What the numbers tell you
The graphs you're about to see tell Baidu's story, and we'll be grading the quality of that story in several ways.
Growth is important on both top and bottom lines, and an improving profit margin is a great sign that a company's become more efficient over time. Since profits may not always reported at a steady rate, we'll also look at how much Baidu's free cash flow has grown in comparison to its net income.
A company that generates more earnings per share over time, regardless of the number of shares outstanding, is heading in the right direction. If Baidu's share price has kept pace with its earnings growth, that's another good sign that its stock can move higher.

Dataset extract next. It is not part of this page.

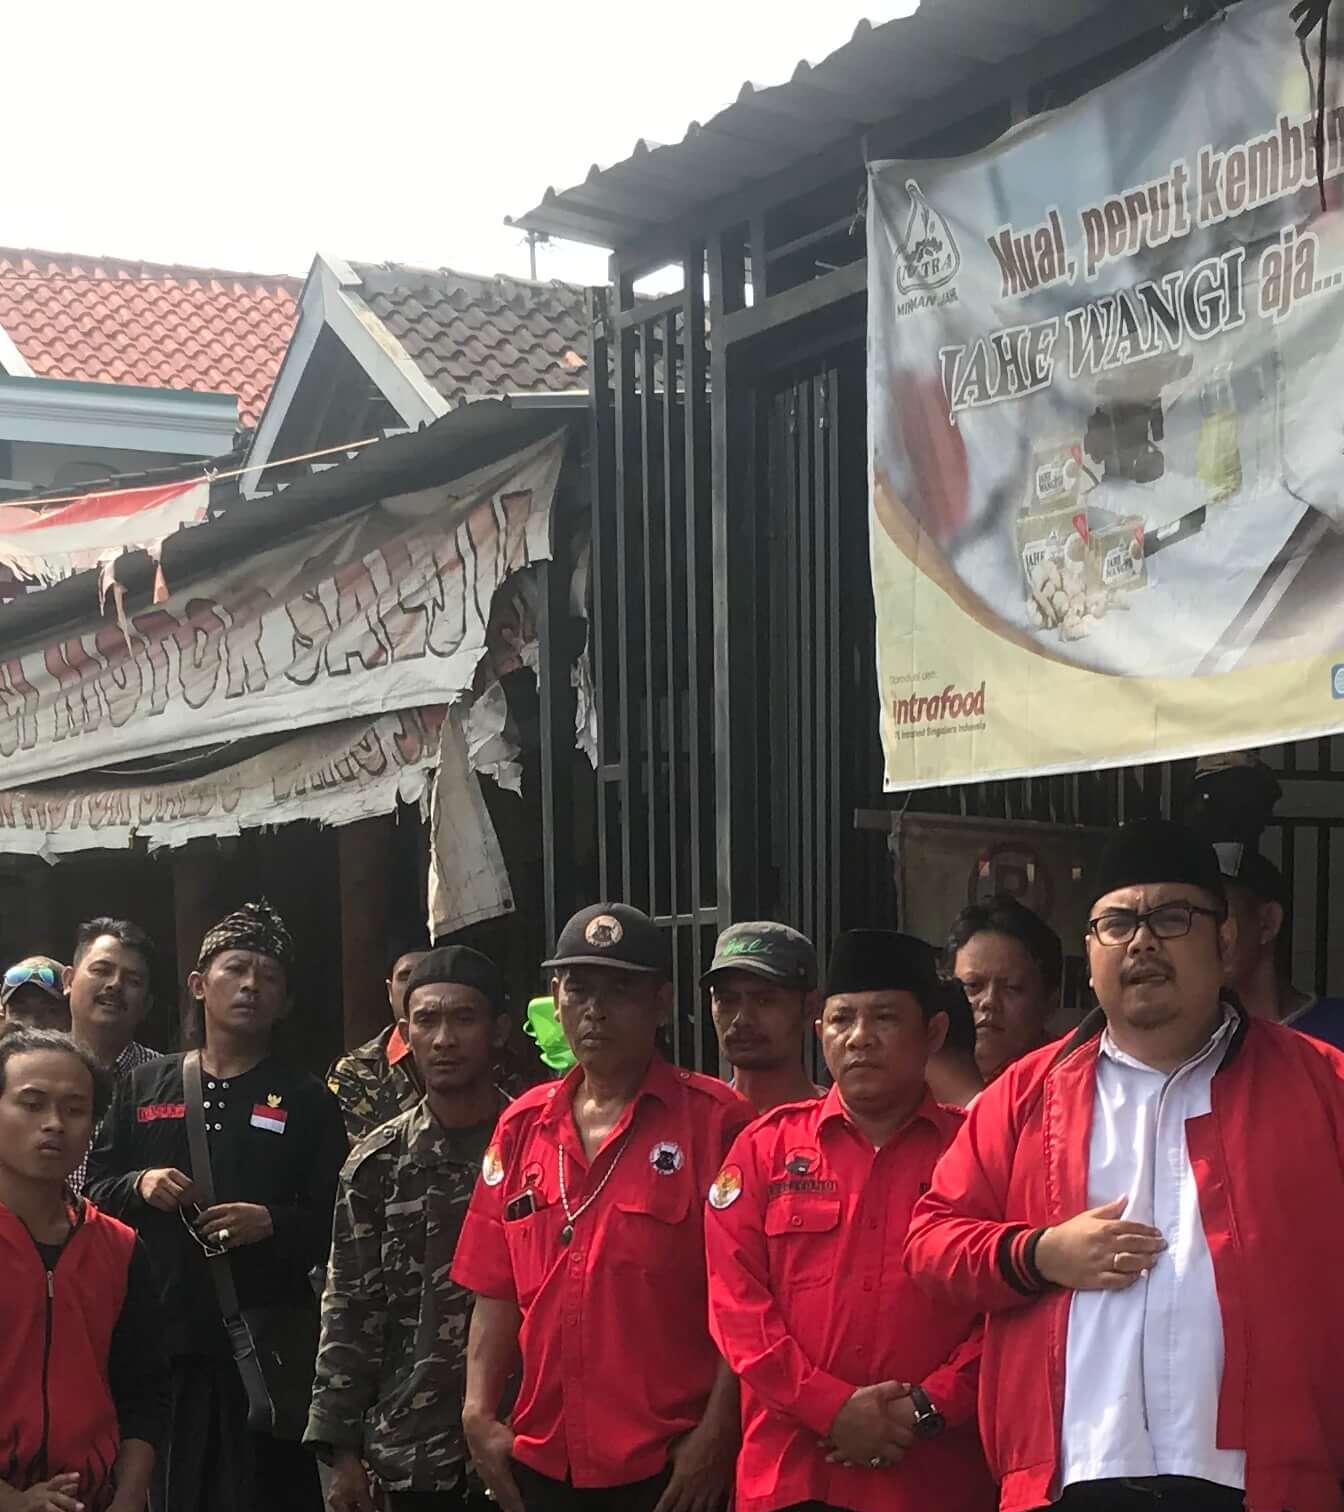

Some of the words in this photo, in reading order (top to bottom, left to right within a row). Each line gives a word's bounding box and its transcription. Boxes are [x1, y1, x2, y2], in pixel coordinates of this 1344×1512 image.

[986, 209, 1078, 300] Mual,
[1079, 164, 1191, 278] perut
[1065, 246, 1248, 382] WANGI
[43, 587, 270, 743] MOTOR

Is Baidu managing its resources well? A company's return on equity should be improving, and its debt-to-equity ratio declining, if it's to earn our approval.
By the numbers
Now, let's take a look at Baidu's key statistics:
Revenue growth > 30%
Improving profit margin
Free cash flow growth > Net income growth
468.3% vs. 664.4%
Stock growth (+ 15%) < EPS growth
128.7% vs. 659.6%
Sources: YCharts and Morningstar *Period begins at end of Q4 2009.

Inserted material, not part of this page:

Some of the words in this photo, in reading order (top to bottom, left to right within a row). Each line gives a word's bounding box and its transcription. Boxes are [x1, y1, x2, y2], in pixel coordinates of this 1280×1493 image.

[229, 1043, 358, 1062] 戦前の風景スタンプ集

Improving return on equity
Declining debt to equity
Source: YCharts. *Period begins at end of Q4 2009.
How we got here and where we're going
The only real cause for concern here is Baidu's rising debt levels. Five out of seven passing grades somewhat underrates the impressive growth Baidu's posted over the past three years. Its other miss, on free cash flow against net income, could still be reversed the next time we examine it. Either way, those growth rates are nothing to sneeze at. But can Baidu maintain them?
Last month, in a round-table discussion with my fellow fools Travis Hoium and Sean Williams, I argued that it could. Baidu has two things indisputably on its side: a rapidly connecting populace with rapidly growing earnings power, and a dominant position from which to serve them. We often compare Baidu to Google -- and for good reason. Google is the model for search and Internet dominance that Baidu has thus far been attempting to follow, and my conservative estimates found that Baidu could easily enjoy a 155% upside if its trajectory continues to resemble Google's.
However, the market doesn't seem to agree with this sort of optimism, at least not in the near term. Baidu's most recent quarter, which was reported a month after our round table, showed a company with growing pains, which is now starting to see revenue grow faster than net income as its costs of doing business creep higher. Projecting a sequential decline in revenue didn't help, either.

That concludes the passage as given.